|A bust of the famed physician, naturalist and collector Sir Hans Sloane.
I spent the day doing some desultory browsing of the British Library’s Sloane manuscript collection, and while it yielded little that I can actually use in my research, I did come across these poems. Apparently written by one of Sir Hans Sloane‘s colleagues, the London apothecary and Royal Society fellow James Petiver (1663-1718), they appear in the midst of some memoranda on the natural history of the ‘Indies’ (Sloane 4020). A few are written on tiny scraps, as if they occurred to the author on the spur of the moment and he jotted them down on whatever he had at hand. Great poetry they’re certainly not — but I was charmed by them. At certain moments, such as in the final lines of “On the sealed tortoise,” Petiver’s attention to the tiny details of nature and his cynical tone even remind me a bit of Emily Dickinson. Other lines, such as his dark injunction to avoid “pine apples” because they “the Bloody-Flux produce,” are a bit less elevated.

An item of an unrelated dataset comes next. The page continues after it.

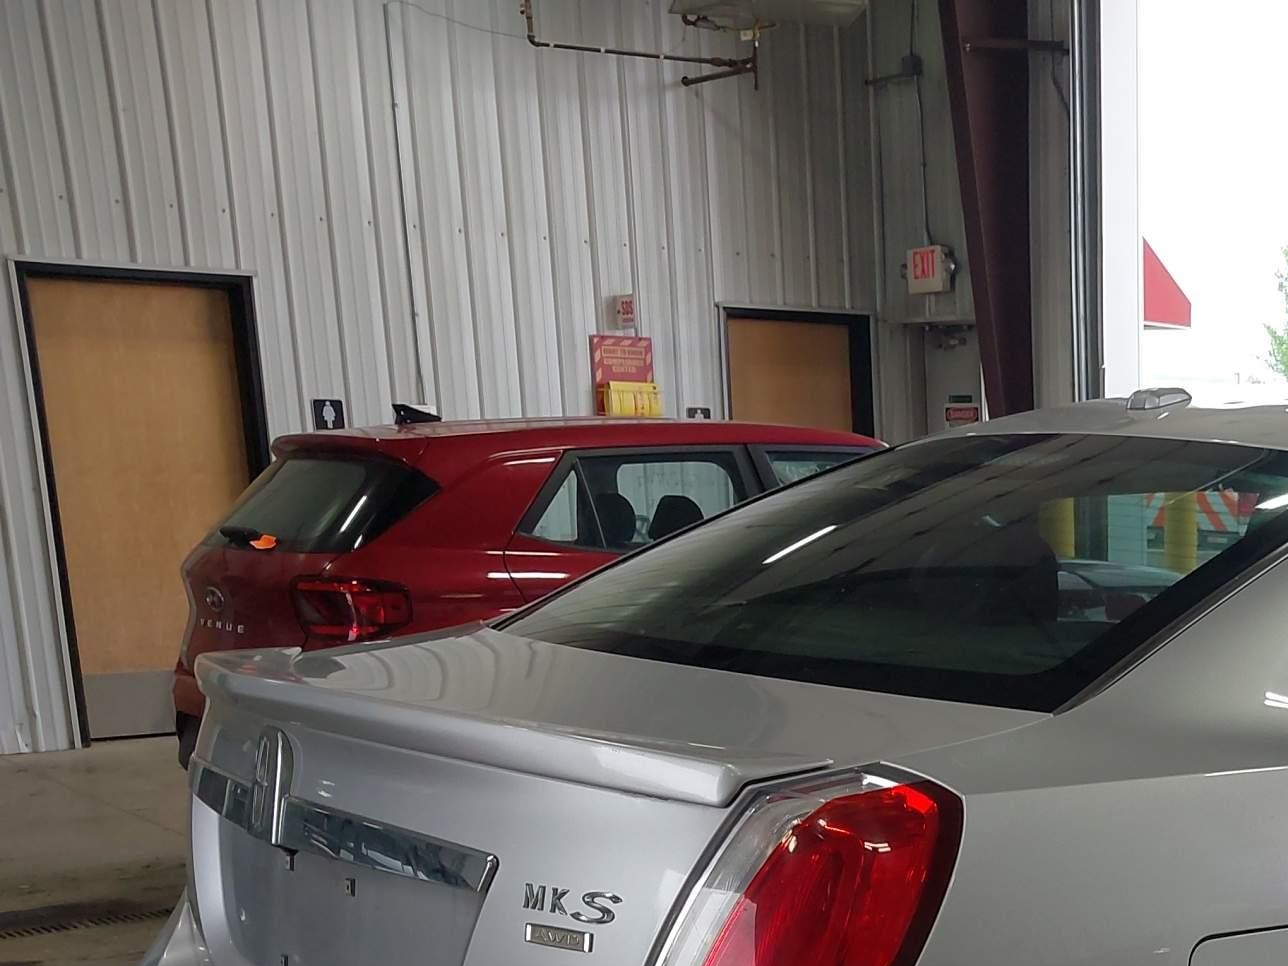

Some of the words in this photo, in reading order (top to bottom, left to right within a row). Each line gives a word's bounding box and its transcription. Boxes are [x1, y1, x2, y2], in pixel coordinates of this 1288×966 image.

[912, 248, 935, 280] EXIT
[200, 618, 245, 633] VENUE
[522, 882, 623, 924] MKS

Here’s a selection:
On the Indian serpent gecco
Such deadly poyson lyes within
This seagreene Lizards specled skin
That with more revengefull spite
It kills beyond our Acconite [?]
The divellish Indian knowes its force
& by it kills without remorse
Against their dartes dipt in this juice
There are noe Antidotes of use
The cursed Bassilisk which kills
By looks: to this in venome yeelds.
Of the swallow nestes which are eaten for a dainty in the Indyies
And why poore Progie[?] doest thou seeke
In such high cliffs & Rockes so steepe
To build thy nest – think’st thou thereby
To avoyde the Indians Luxury?
Noe noe: They’le haunt you out & eate
Your nests (because such dainty meate).
Of the China Cornill
This China Cornill cures outright
The fluxes, Red, Yellow & White
A[nd] thousands at their latest Breath
Hath releved from the Jawes of Death.
On the sealed Tortoise
What Indian Monster’s this that dwells
Under a roof all thacked with shells
Both flesh and fish he is & preys
Now on the Land, now on the Seas
Thus doe the Parasites at Courte
Turn fish or Flesh of any sort
& as things there doe change their State
So they themselves Transpeciate.
Of the Pine Apple
Doe not yr Palates much provoke
With this sweete Indian Artichoke
Nor with their lushious strawberyes
For in them all their venome lyes.
By which lethiferous fatall juice
They will the Bloody-Flux produce.
Of Indian Vervine
The Indians say this Plant agrees
With ours in all its qualities
Our European old wives say
This herb is sacred: so say they
And both their dotages agree
It drives away all witchery
Who in yt Clime would think should grow
With it, the same opinion too.
February 2011 update: I know of no contemporary portraits of Petiver, but his more illustrious colleague Sir Hans Sloane (pictured above) gained a great deal of fame in his long and eventful lifetime. In addition to amassing the collections that would metamorphose into both the British Museum and British Library, Sloane won fame for his travelogue and natural history compendium of the West Indies, A Voyage to the Islands Madera, Barbadoes, Nieves, St. Christophers and Jamaica (London, 1707 and 1725) — better known as the Natural History of Jamaica — and his popular recipe for “drinking chocolate,” which was still considered a medicinal remedy in the 18th century:
Those wishing to learn more about Petiver, Sloane and natural history should check out two excellent academic journal articles by historian colleagues: James Delbourgo’s “‘Exceeding the Age in Every Thing’: Placing Sloane’s Objects” (available here) and Anna Winterbottom’s “Producing and using the Historical Relation of Ceylon: Robert Knox, the East India Company and the Royal Society” (here). Also, many thanks to Anna for sharing some more extracts from Petiver’s poetry below!
Here's some more
'The dolphin here you may behold, whose color is like burnished gold..hence mortal learn you may, that there are tigers in the sea'
On tumeric and on the 'Nimbo' plant: – '
The Indians me Nimbo call, A plant most Histericall, & if they give the Bays to prim, Sure I may weare next Bays to him';
'Of the sensitive plant':
Why flyest thou (pretty plant) my Jouck, & Shrivells in the Eases to mack,
Hath Daphne left Apollo's tree, & is she flitted into Thee,
Then welcome nymph, thou needst not feare, the old pursueing Ravisher,
Apollo stick still to his bays and haunts not such-like plants as these'.